Weaver Street Market
Introduction
At A Glance
| Where: | Hillsborough, Carrboro, and Chapel Hill’s Southern Village, North Carolina |
| What: | Three grocery stores, a bakery, restaurant, commissary, & several non-food spin offs |
| Founders: | Ruffin Slater, Marilyn Butler, Randy Tally |
| Year Founded: | 1988 |
| Number of employees: | 250 (2008) |
| Total revenue: | $21,875,554 |
| Website: | www.weaverstreetmarket.coop |
When Ruffin Slater and his two friends, Marilyn Butler and Randy Tally, opened up Weaver Street Market in 1988, natural food co-ops meant big crates of dry grains. “We wanted something more than that,” says Ruffin, “something we could get the community involved in.” Today Weaver Street is a large, diversified community enterprise that lives its motto: “A co-op is a better economic system.”

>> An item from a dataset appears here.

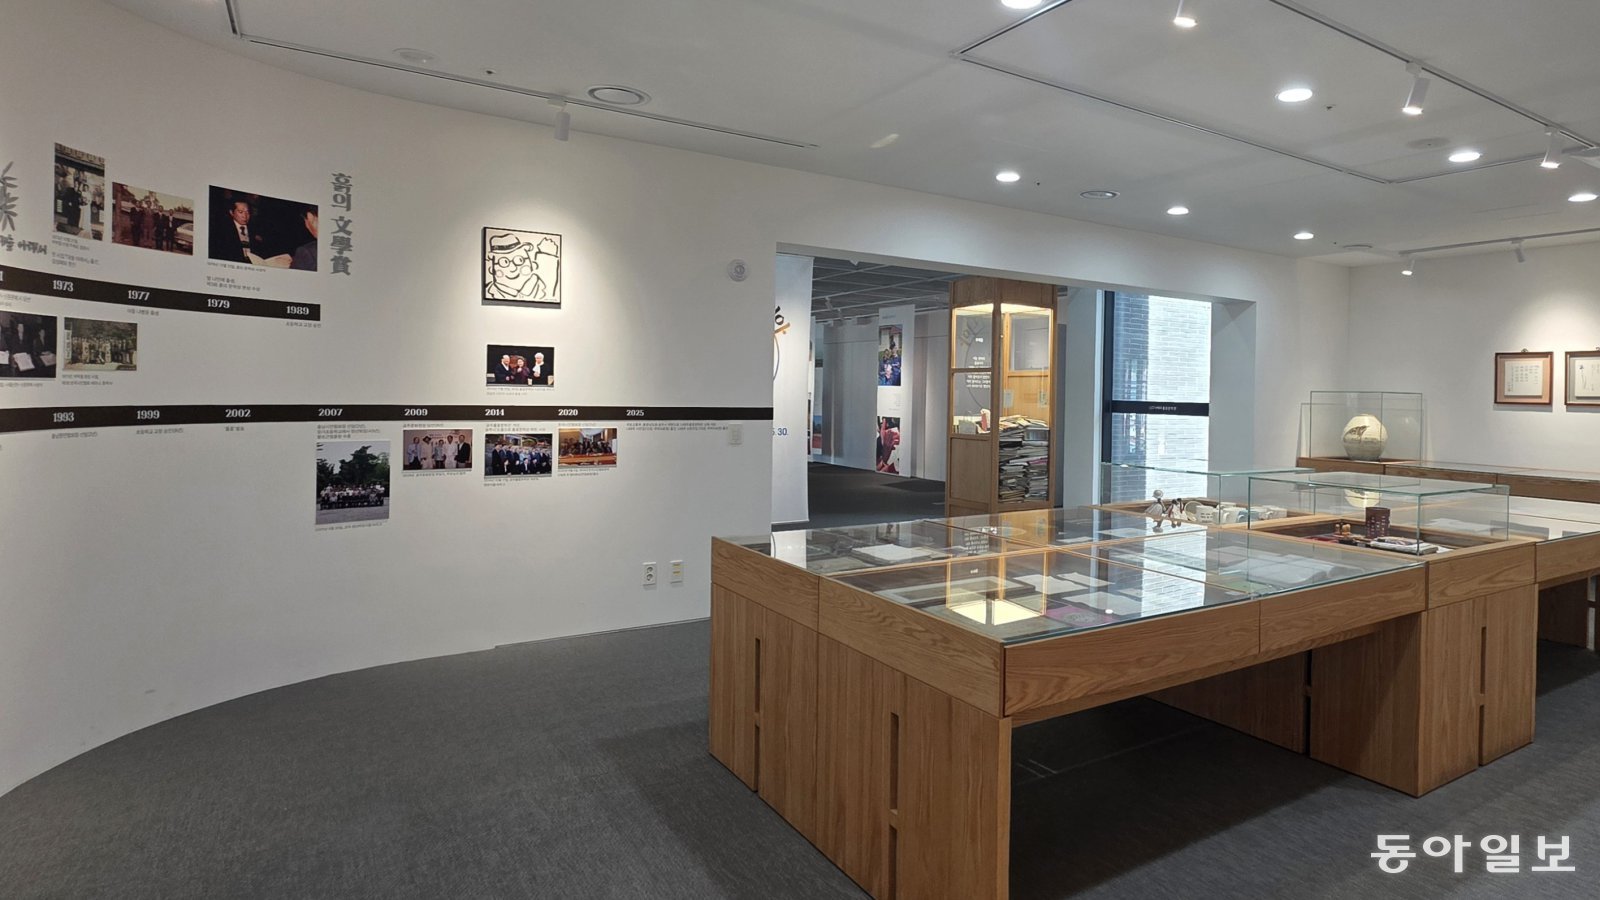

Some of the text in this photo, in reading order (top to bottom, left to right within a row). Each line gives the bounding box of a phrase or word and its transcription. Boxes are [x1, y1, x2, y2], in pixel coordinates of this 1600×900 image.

Originally founded in Carrboro, a small artsy community adjacent to Chapel Hill in North Carolina, the Weaver Street Market is now a 12,000-member cooperative comprising three grocery stores, a food-preparation commissary, and an Italian restaurant called Panzanella. It has plied its success into other ventures as well. It has established an affordable housing cooperative and a locally owned radio station. It runs a Cooperative Community Fund and donates more than $60,000 each year to local schools and other nonprofits.
To call Weaver Street Market a triple bottom line business misses the mark. Its mission statement lays out 10 bottom lines beyond profit: cooperative control of profits, local self- reliance, ecological balance, meeting basic community needs, non-exploitation of the workforce, inclusiveness of the community, education of fellow citizens, social interactivity, empowerment of customers, and integration in the local economy.
This isn’t just hype. Unlike many cooperatives, Weaver Street has become an economic powerhouse in the region, with annual revenues now topping $20 million. With its commitment to local, fair, and “authentic” food, it is demonstrating how to practice local sourcing, purchasing, and marketing profitably. Moreover, it has done all of this through a unique design of a co-op blending consumer and worker ownership.